Chanandler (iPhone X)
I've played this quite a bit on Switch so was curious to see how it translated to touch screen. It's great fun playing with friends but not really played much by myself. Seems that I will be sticking to the Switch version, however.
The controls for this game are just way too annoying. Doing anything with any level of precision is just impossible. Because of the frustration I just gave up with it after an hour and went back to the Switch version. Maybe it would be better on an iPad but I can't see it being anywhere are good as the Switch version. This game needs proper controls!
Dries Pretorius (iPad Air)
The controls in this game are quite finicky, so I can see how they would be difficult on small screens. On the larger screen of an iPad it's perfectly playable. Controlling movement requires patience and precision. The controls are clumsy, but when you familiarize yourself with them it becomes part of the meticulous play style.
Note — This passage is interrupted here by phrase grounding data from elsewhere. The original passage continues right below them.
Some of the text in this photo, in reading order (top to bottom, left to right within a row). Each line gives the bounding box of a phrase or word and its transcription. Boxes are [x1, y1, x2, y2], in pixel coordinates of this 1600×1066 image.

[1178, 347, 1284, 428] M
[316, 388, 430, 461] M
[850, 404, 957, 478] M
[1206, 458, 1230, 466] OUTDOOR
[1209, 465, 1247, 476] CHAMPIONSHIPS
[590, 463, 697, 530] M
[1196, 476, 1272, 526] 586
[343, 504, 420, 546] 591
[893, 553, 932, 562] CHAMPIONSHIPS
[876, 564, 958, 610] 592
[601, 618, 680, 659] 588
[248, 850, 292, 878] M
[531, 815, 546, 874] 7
This game is a lot more fun to play with a friend than by yourself. That being said, Death Squared goes out of its way to kill your partner by proxy of your actions. It's trial and error, but ultimately rewarding as the mechanics of each puzzle is revealed. Attitude is key to enjoying this game, it is as infuriating as it is rewarding, it'll test your friendships or relationship, but it's ultimately a bonding experience.
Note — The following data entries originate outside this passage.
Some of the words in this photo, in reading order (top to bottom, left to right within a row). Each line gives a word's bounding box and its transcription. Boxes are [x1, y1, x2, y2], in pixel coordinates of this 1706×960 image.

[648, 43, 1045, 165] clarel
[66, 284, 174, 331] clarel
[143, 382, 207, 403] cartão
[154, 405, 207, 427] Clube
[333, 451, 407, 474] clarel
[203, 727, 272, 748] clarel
The style and humor borrows from Portal and pulls it off rather well. The controls remind me of Surgeon Simulator and the puzzle design is excellent, constantly throwing new elements into the mix.
When you grow accustomed to the controls there's a fantastic same-device co-op experience that really demands coordination the likes of which I have not experienced on iOS to date. If you have an iPad and you have someone you like playing games with, Death Squared is well worth the asking price.
Joseph Mark Maceiko
When I first started playing Death Squared, I was disappointed and frustrated at the controls. However, once I got used to the sensitivity of the controls I had a blast playing the game. The graphics and sounds are good and the levels are well thought out and challenging.
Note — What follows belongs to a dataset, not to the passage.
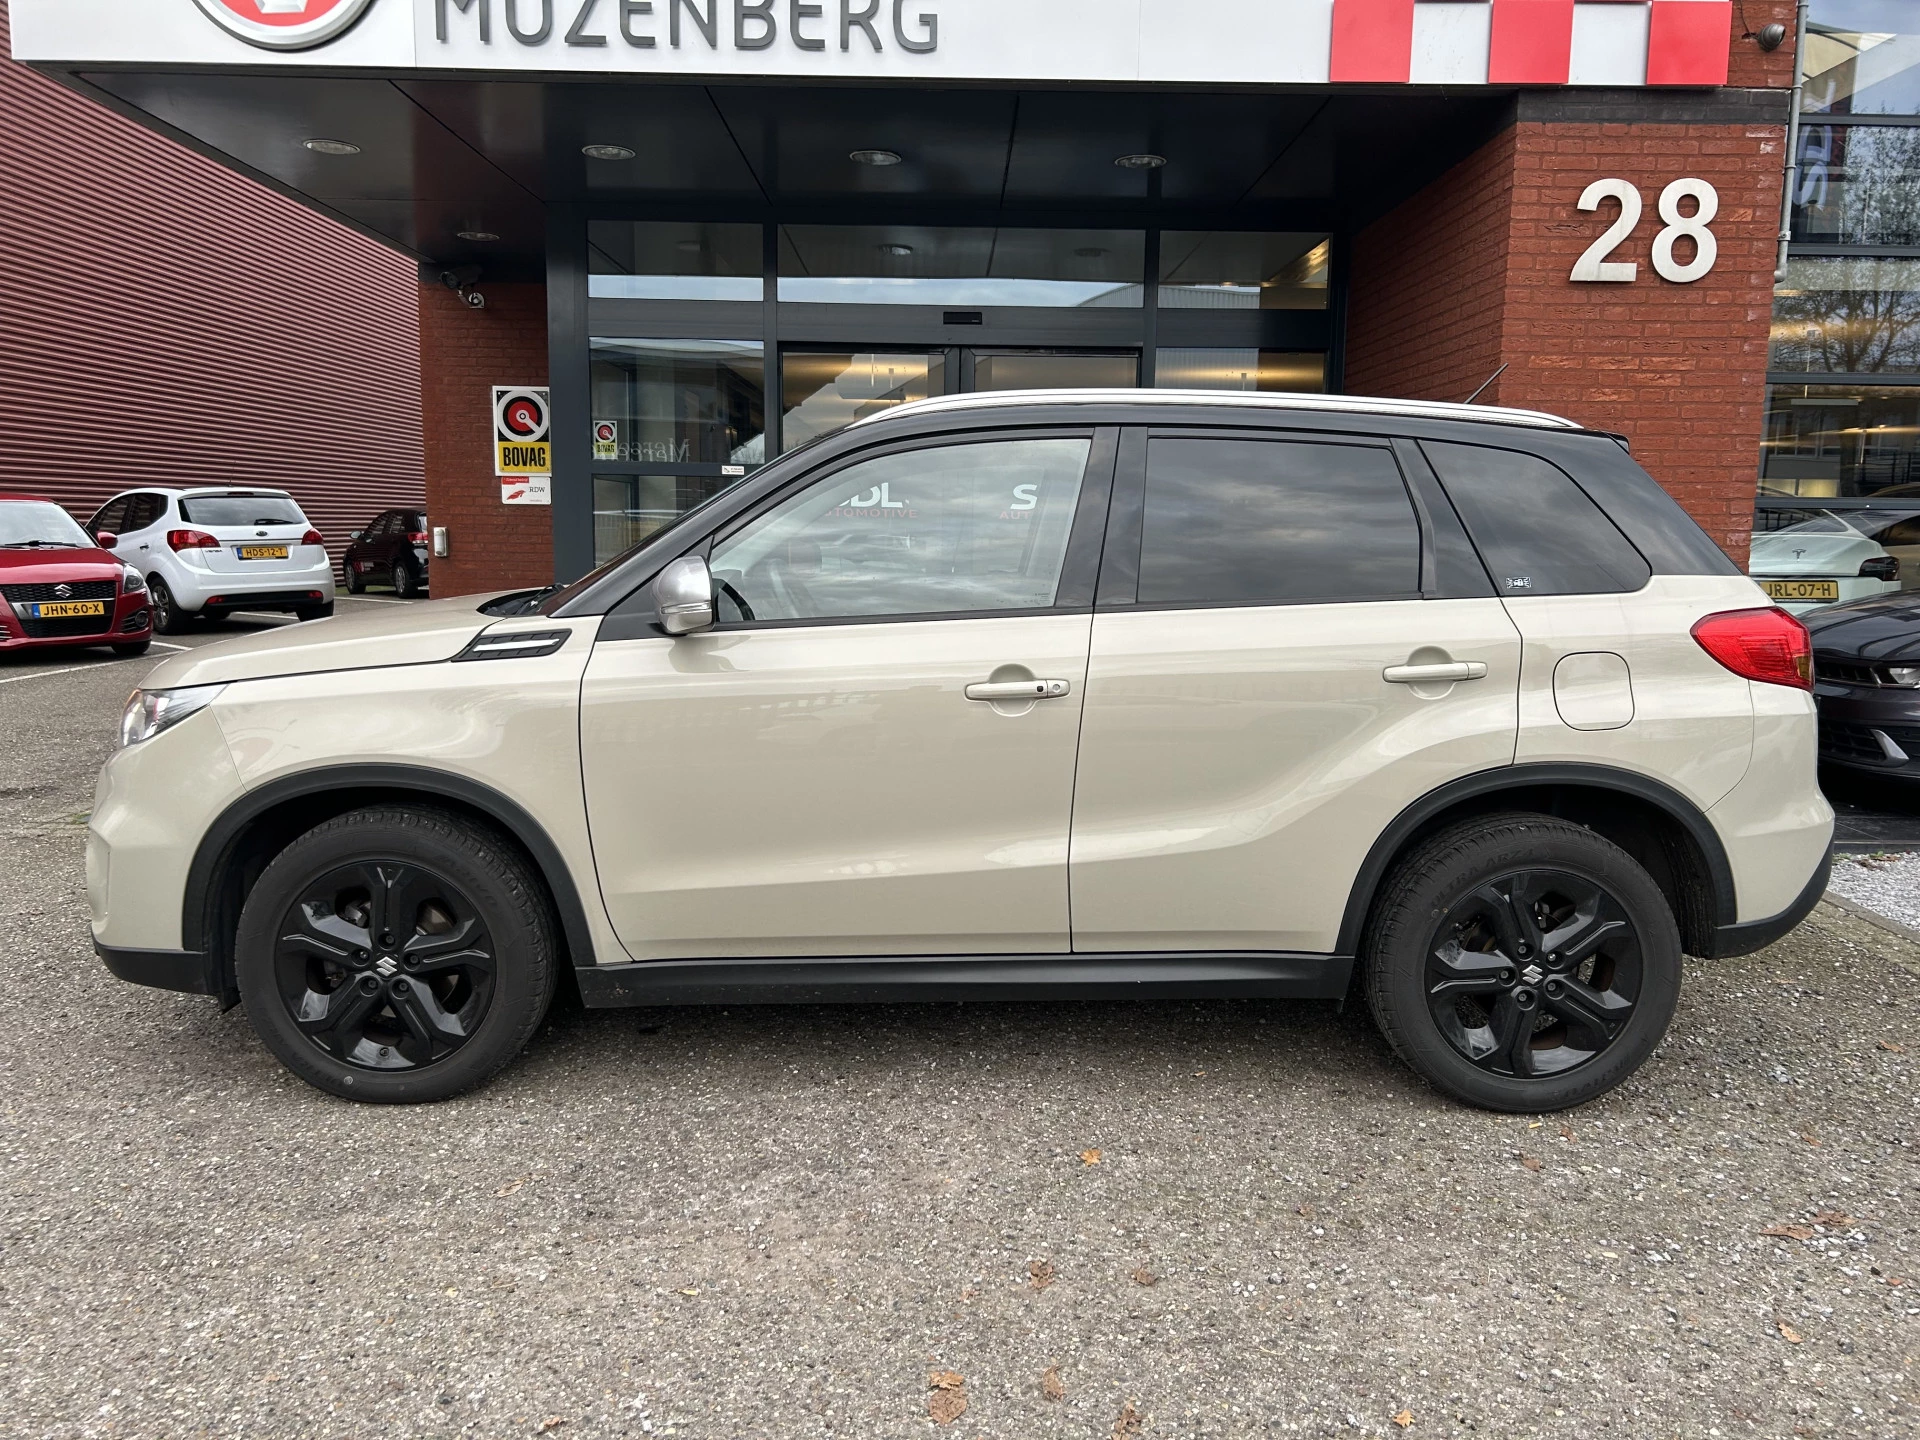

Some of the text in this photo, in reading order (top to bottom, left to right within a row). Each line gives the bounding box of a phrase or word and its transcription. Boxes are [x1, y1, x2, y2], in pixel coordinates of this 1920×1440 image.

I loved the overall presentation and humor of the game and would recommend it to fans of the puzzle genre. However, patience is a must to play the game due to the sensitivity of the controls. If you get frustrated easily, this game is probably not for you.
Quincy Jones (iPhone 8 Plus)
If my phone didn't cost so much I'm sure I'd have tossed it out a window while playing this game - that pretty much sums up my experience.
I hated the controls and it's not because I have sausage links for fingers. It really is a distraction from what I'm sure might be a great game, but as it stands right not it's not worth the stress.